Brussels and London airport sales could have implications for airports and investors alike

29 March, 2019

Two major airport ownership changes in Europe have breathed some life into what has become a somnambulant sector where there has not been much activity in the west of the continent just lately, but the deals in Brussels and London could have implications for airports and investors alike.


Summary:

  • Macquarie sells Brussels Airport stake and reduces its airport portfolio again as new investor entrants to the airport business emerge;
  • Vinci Airports' majority acquisition of Gatwick Airport holding company stake has been approved;
  • All the existing co-investors with GIP there are out; but what does that say about Gatwick's prospects?

The sale of Macquarie Infrastructure and Real Assets (MIRA)'s 36% stake in Brussels airport for a reported EUR2 billion, having previously exited Copenhagen Airports in 2017, marks a milestone in several ways.

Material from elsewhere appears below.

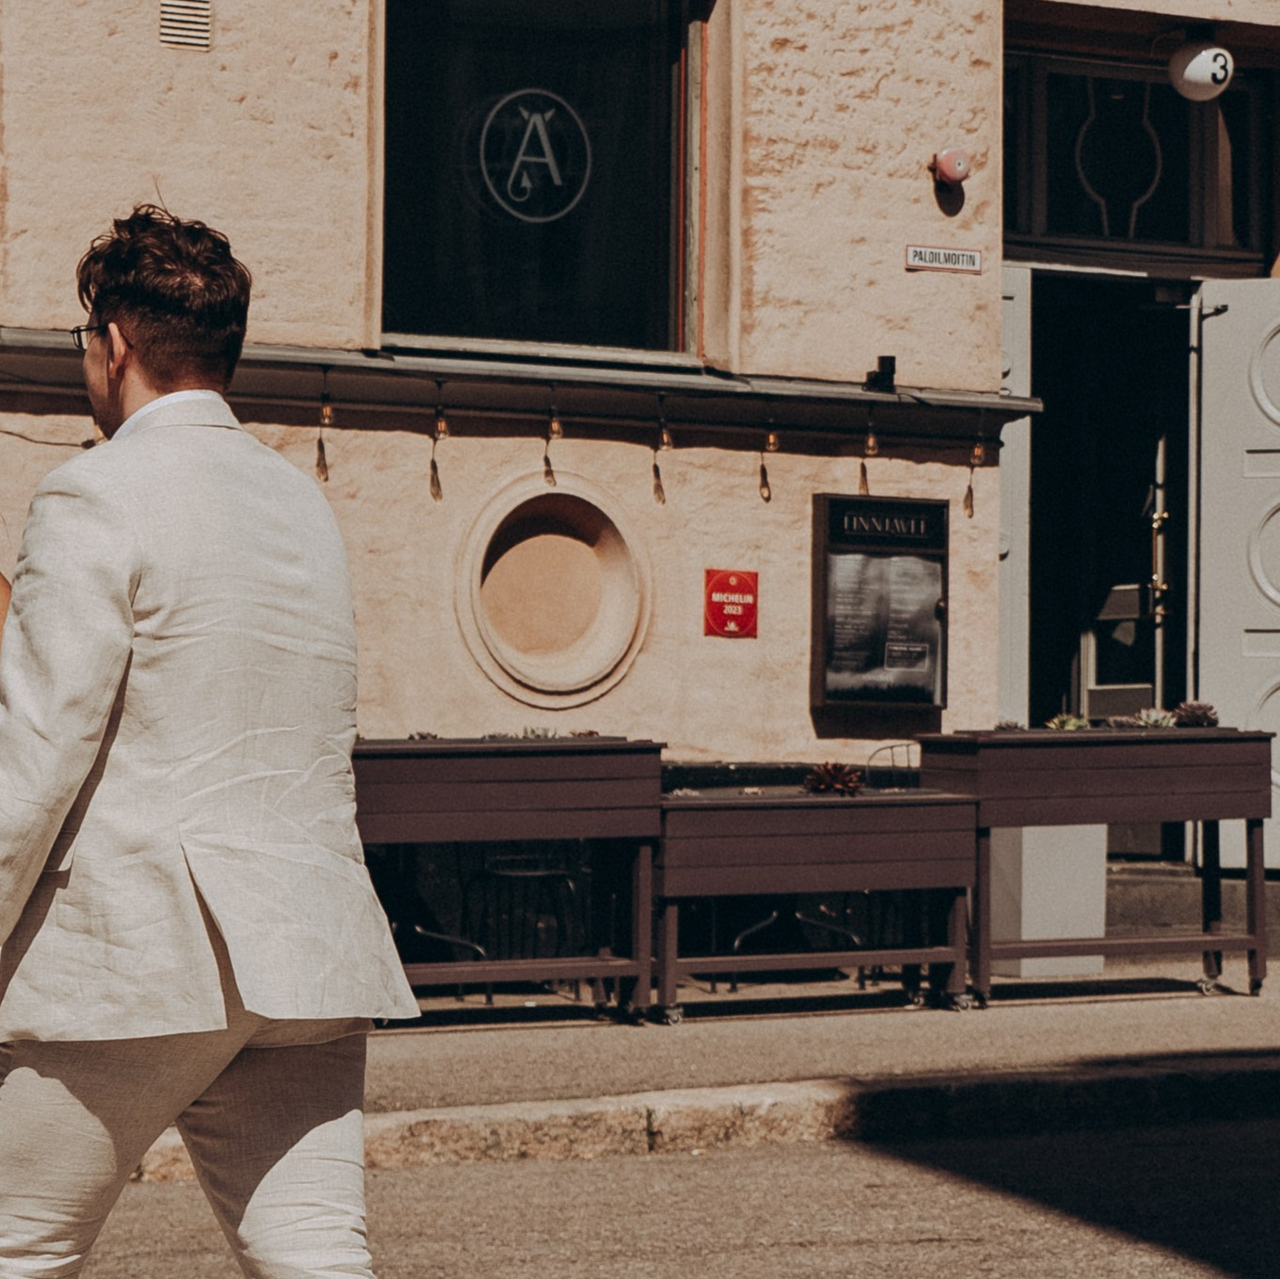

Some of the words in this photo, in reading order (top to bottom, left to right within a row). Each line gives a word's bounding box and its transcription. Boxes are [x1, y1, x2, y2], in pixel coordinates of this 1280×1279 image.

[1211, 52, 1229, 86] 3
[913, 249, 976, 267] PALOILMOITIN
[711, 592, 754, 604] MICHELIN

Firstly, it reduces, again, Macquarie's exposure to the airport sector. Indeed, post-Brussels, Macquarie's funds are now limited to four direct airport investments - Hobart airport where it appears to want to dispose of its holding and three regional airports in the UK - Southampton, Glasgow and Aberdeen, plus Westchester airport in the US, which is an 'on hold' deal with no signs of a positive outcome.

SEE RELATED REPORT: Macquarie Group is prepared to sell Hobart Airport stake

Secondly, for the emergence of alternative pension asset managers and private equity/hedge funds such as the Netherlands' APG, which together with QIC, the third largest institutional investment manager in Australia, acquired 16.8% each of the Brussels Airport management company from Macquarie. They saw off a bid from Canada's established OMERS and CPPIB pension funds along the way, while another one, OTTP, did not take up its option to acquire MIRA's stake. There appears to be a trend developing in which these new participants are playing an increasing role in the airport business while the established ones take a back seat.

Finally, for the emergence of an entirely new 'player' altogether, the insurer Swiss Life AG. While it only dipped its toe in the water with 2.4% of the equity it shows the industry can still attract newcomers. At the same time, it must be said that Brussels Airport is, for now at least, a safe bet.

Another airport investor which went to sleep, over a decade ago, is Vinci Airports, which was reduced at one time to little more than a longstanding interest in three Cambodian airports. You would hardly believe that now. Vinci's sectoral interests today run to almost 50 airports, in 12 countries, and it is one of the biggest operators in the world.

Its busiest airports in which it has a financial interest, as opposed to just a management one, are in the 30 million per annum passenger range (Lisbon, Osaka) but there are few of those. (It has an 8% interest in Groupe ADP, which could increase, but momentarily that is a minority interest in the operator of the Paris airports).

Acquiring the Cayman Islands-based Ivy Topco, the holding company of London Gatwick Airport, by way of a 50.01 stake, certainly elevates Vinci in the Premier League of operators. Gatwick handled 46 million passengers last year.

The GBP2.9-billion (EUR3.3-billion) deal was announced in late Dec-2018 and the European Commission this month delivered its approval to the deal, stating it "would not raise any competition concerns, given the limited overlap between the trading activities of the merging parties" (i.e. Vinci has few other airport interests in the UK, only Belfast International Airport).

CHART - The current ownership structure for Ivy Topco, the holding company of London Gatwick airport, ahead of the Vinci Airports acquisition

It is perhaps of even greater interest to observe which organisations are collectively selling this stake. It has been assumed that the selling party, subsequent to the failure of Gatwick Airport to acquire government approval for a second runway there, would be Global Infrastructure Partners (GIP), which has also been linked frequently with a sale of Edinburgh Airport, which it owns fully.

However, it appears that Vinci has agreed to purchase the stake from a group of investors "including sovereign wealth funds in Australia and the United Arab Emirates", which means Future Fund and Abu Dhabi Investment Authority, which account for 33.13% of the equity. It has not been made clear which other co-investors are selling up, but presumably they must include CalPERS (USA) and Korea National Pension Service.

There are two obvious ways of interpreting the deal. Either Vinci and GIP have called it correctly and Gatwick, the world's busiest single-runway airport, will continue to flourish, or perhaps that the existing co-investors know when their time has come, Gatwick faces a bleak future and they don't want to be part of it, thank you. Time will tell who is right.